Ma il fatto è che la Crimea non fu inclusa nel concetto delle "terre ucraine" fino al 1954, quando il Presidium del Soviet Supremo dell'URSS trasferì la penisola ala Repubblica socialista sovietica ucraina. Si può quindi dire che le "terre ucraine" non sono mai appartenute a Costantinopoli e, di conseguenza, non potevano essere portate via da Costantinopoli ("annesse", nei termini di Gorevoj). In tutta onestà, si può dire che a seguito delle guerre russo-turche, russo-polacche e polacco-turche del XVII secolo, i turchi e i tartari di Crimea soggetti a loro per qualche tempo possedettero terre in Podolia e in alcuni altre parti dell'Ucraina, ma non c'è nulla di cui essere orgogliosi, dal momento che i musulmani si limitavano semplicemente a prelevare le popolazioni locali di queste terre e a portarle ai mercati degli schiavi dell'est. Generalmente, Gorevoj ha confuso l'aspetto politico con quello religioso.
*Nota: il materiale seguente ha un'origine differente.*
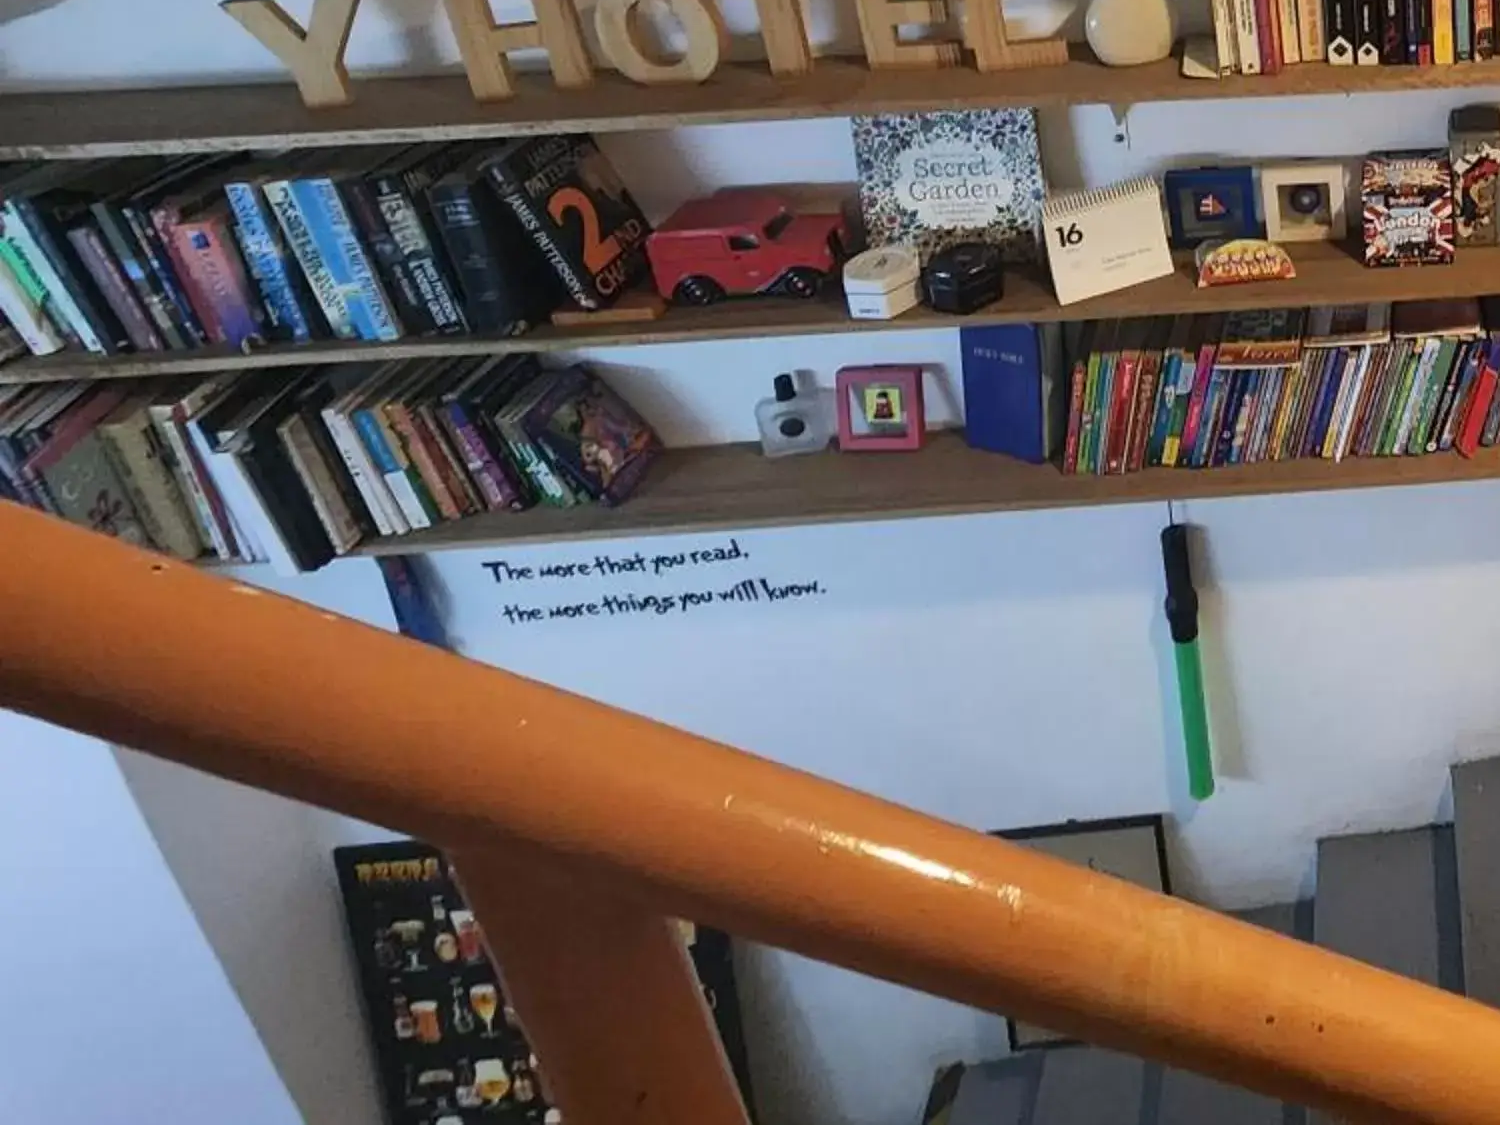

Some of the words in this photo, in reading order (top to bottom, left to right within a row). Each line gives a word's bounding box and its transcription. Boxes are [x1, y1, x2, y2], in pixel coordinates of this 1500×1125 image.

In terzo luogo, la Costantinopoli greca cessò di essere tale subito dopo essere stata conquistata dal sultano Mehmet II nel 1453. Quindi questa città divenne Istanbul, sebbene questo modo di ribattezzarla suia stato fissato solo nel 1930 sotto Kemal Ataturk. Era usato anche il nome "Costantinopoli", ma se ci riferiamo al fatto che qualcuno possedeva qualcosa, allora si applica solo in relazione a Istanbul.

La leggenda della Crimea

Come accennato in precedenza, la Crimea non è stata chiamata parte delle "terre ucraine" fino al 1954. Prima di allora, è stata abitata da greci, goti, sciti, tartari, russi e così via. Convenzionalmente, possiamo parlare di statualità nelle città greche, e poi del potere della Repubblica genovese in alcune parti della Crimea. La statualità del Khanato di Crimea era un po' fittizia, se non del tutto, dal momento che il khan di Crimea era un vassallo del sultano turco. Infine, nel 1783, la Crimea entrò a far parte dell'Impero Russo. Tuttavia, Dmitrij Gorevoj, senza scrupoli, include la Crimea nelle "terre ucraine" di Costantinopoli, annesse dalla "Chiesa russa", e presenta l'annessione della Crimea alla Russia e l'esodo della popolazione cristiana dalla penisola come qualcosa di terribile.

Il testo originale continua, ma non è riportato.